And the Oscar goes to…

When I moved to France for a few years in the early 90s, it was a startling new experience to eat and drink with a people that savor and analyze every mouthful. I developed an amateur winedar that enabled me to distinguish a Bordeaux from a Côtes du Rhone, but when I moved to the U.S. my limited wine knowledge was blown out of context. In France, I hadn’t distinguished grape varieties, just regions, so I had to develop a new navigation system.

Although I can distinguish wines at a basic level, I don’t have a wine palate. I can’t spontaneously invoke the cornucopia of fruit or flower or minerals that are used to describe wine. At a certain point, I just like it.

However, my tastebuds are tuned to that other life-sustaining food that goes remarkably well with any red wine…chocolate. And I don’t mean candy bars. I mean serious, intentional bars of dark chocolate. Chocolate that feeds the soul and nourishes the body. I have every confidence that, with a little extra study, I could be working for van Houten or Lindt, traveling the world to talk with cocoa farmers and evaluating chocolate recipes.

That’s not going to happen any time soon, but I thought it would be useful for me, if not you, to identify some readily available pleasures in the world of dark chocolate. I enlisted the help of a certain SoHo family, which brought in a diversity of chocolate tastes. Personally, I was looking for a dark chocolate with limited sweetness, but which manages a good texture in spite of a high cocoa content.

Our group decided that there were five criteria for evaluation:

Look—everything from packaging to the actual bar
Richness—chocolate flavor and content
Sweetness—can be both good and bad
Texture—which varies outside of Hershey land
Ethics—so many of these bars tout PC credentials

For the purposes of focus, I excluded any flavored bars or those with added ingredients such as nuts. I selected brands that are readily available at Whole Foods or independent grocery stores.

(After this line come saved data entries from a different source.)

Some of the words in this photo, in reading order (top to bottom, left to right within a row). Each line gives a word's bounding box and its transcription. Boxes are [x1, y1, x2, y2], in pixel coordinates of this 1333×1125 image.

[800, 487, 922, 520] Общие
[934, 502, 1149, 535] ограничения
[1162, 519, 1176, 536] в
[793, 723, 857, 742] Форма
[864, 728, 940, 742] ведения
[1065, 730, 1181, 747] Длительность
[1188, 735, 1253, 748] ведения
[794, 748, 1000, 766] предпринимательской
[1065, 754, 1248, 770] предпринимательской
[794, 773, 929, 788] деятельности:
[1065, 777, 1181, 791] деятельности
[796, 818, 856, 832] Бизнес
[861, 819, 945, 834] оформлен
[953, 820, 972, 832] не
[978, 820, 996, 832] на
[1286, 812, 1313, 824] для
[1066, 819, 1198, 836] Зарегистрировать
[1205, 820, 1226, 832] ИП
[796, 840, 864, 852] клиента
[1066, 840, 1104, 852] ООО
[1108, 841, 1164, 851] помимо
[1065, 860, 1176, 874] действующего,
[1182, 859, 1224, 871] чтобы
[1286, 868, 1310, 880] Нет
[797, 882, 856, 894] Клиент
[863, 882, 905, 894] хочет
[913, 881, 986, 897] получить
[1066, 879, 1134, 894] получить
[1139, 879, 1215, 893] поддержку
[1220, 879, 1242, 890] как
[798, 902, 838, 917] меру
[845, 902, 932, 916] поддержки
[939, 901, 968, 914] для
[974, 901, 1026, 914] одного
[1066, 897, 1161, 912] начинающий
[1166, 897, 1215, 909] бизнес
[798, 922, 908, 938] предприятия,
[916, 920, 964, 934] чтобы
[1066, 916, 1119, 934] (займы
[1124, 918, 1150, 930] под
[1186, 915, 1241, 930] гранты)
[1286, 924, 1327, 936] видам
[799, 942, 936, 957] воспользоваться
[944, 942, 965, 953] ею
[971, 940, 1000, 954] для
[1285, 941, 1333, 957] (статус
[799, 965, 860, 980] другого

Chocolove with 77% cocoa content
Chocolove has whimsical packaging aiming to invoke a love letter with a poem printed inside, which we thought was cheesy. We liked the look of the chocolate – the bar has a shiny, undulating surface with a heart printed on each chunk. However, the flavor underperformed. Yes, it had a detectably high cocoa content; it was even a little sweet, but somehow bland. Also, the texture was dry – and if you’re going to live with dryness, it has to be compensated by exceptional flavor, which this wasn’t. This bar is fine, but nothing more.

Chocolove with 70% cocoa content
Surprisingly, this bar with less cocoa performs better on flavor. There was a much improved balance with the sugar content and the texture benefited from less cocoa to the point where it was called “smooth and creamy” by Ms. SSW, who ended up naming this her favorite of the evening. Although neither bar was organic, Chocolove does have a couple of organic products and has lengthy statements on their website about using suppliers that do not use child labor in Africa.

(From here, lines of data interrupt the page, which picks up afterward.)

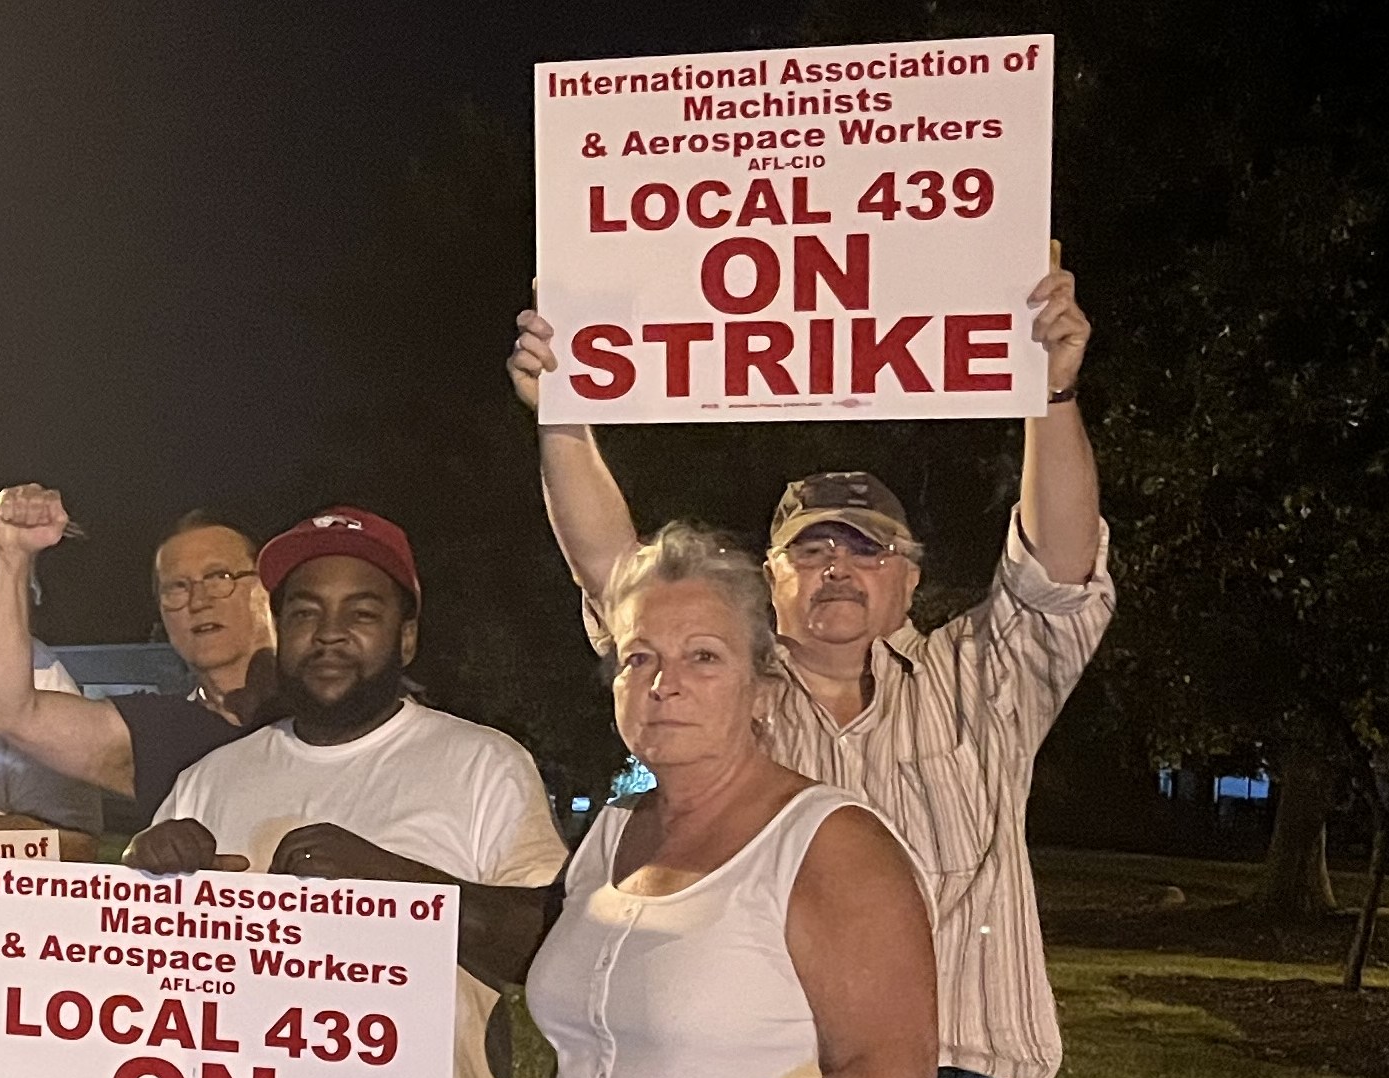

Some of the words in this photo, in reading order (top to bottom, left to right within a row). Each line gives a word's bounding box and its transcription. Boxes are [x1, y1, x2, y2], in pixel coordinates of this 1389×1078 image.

[548, 59, 768, 99] International
[779, 49, 990, 86] Association
[1002, 43, 1041, 73] of
[683, 87, 893, 122] Machinists
[581, 132, 609, 159] &
[620, 127, 826, 159] Aerospace
[838, 115, 1004, 146] Workers
[747, 154, 826, 172] AFL-CIO
[589, 175, 832, 234] LOCAL
[856, 167, 995, 222] 439
[700, 232, 871, 316] ON
[568, 312, 1014, 401] STRIKE
[24, 837, 48, 858] of
[193, 879, 397, 919] Association
[409, 893, 447, 922] of
[100, 906, 302, 946] Machinists
[0, 931, 27, 959] &
[38, 934, 237, 975] Aerospace
[248, 947, 409, 987] Workers
[159, 976, 236, 996] AFL-CIO
[5, 986, 240, 1054] LOCAL
[264, 1006, 399, 1067] 439

Lindt Excellence 85% cocoa
This Swiss chocolate has an opulent cardboard box and a shiny silver wrapper. The bar is in large chunks, which are inconvenient. The flavor is very rich cocoa with a definite bitterness due to only only 5 grams of sugar. This is the Greta Garbo of the group. The one to consume when you are alone, disaffected, and ready to be challenged. The texture is dry and powdery making it somewhat chewy. We assumed that Lindt’s PC credentials are limited. This is one to keep for the right moment, but not consume in large quantities.

Perugina
This Italian firm, now owned by Nestlé, produces what is undoubtedly a populist dark chocolate. It was a nice shiny bar with an incredible sugar dominance. And that’s how it got rated #1 with Miss MW. I should point out that Miss MW was extremely patient throughout this process. She is a declared advocate of Hershey’s and Nestlé, and would have preferred to judge a KitKat against a Reese’s cup. She was a sharp monitor of sugar content, with more being more in all cases.

Guylian
We tried a bar of “dark” chocolate from Guylian—a famous Belgian brand—as it promised that there was no sugar added. However, the use of sweeteners made this taste incredibly sweet and generally bizarre. Even Miss MW rejected it. Pass it by.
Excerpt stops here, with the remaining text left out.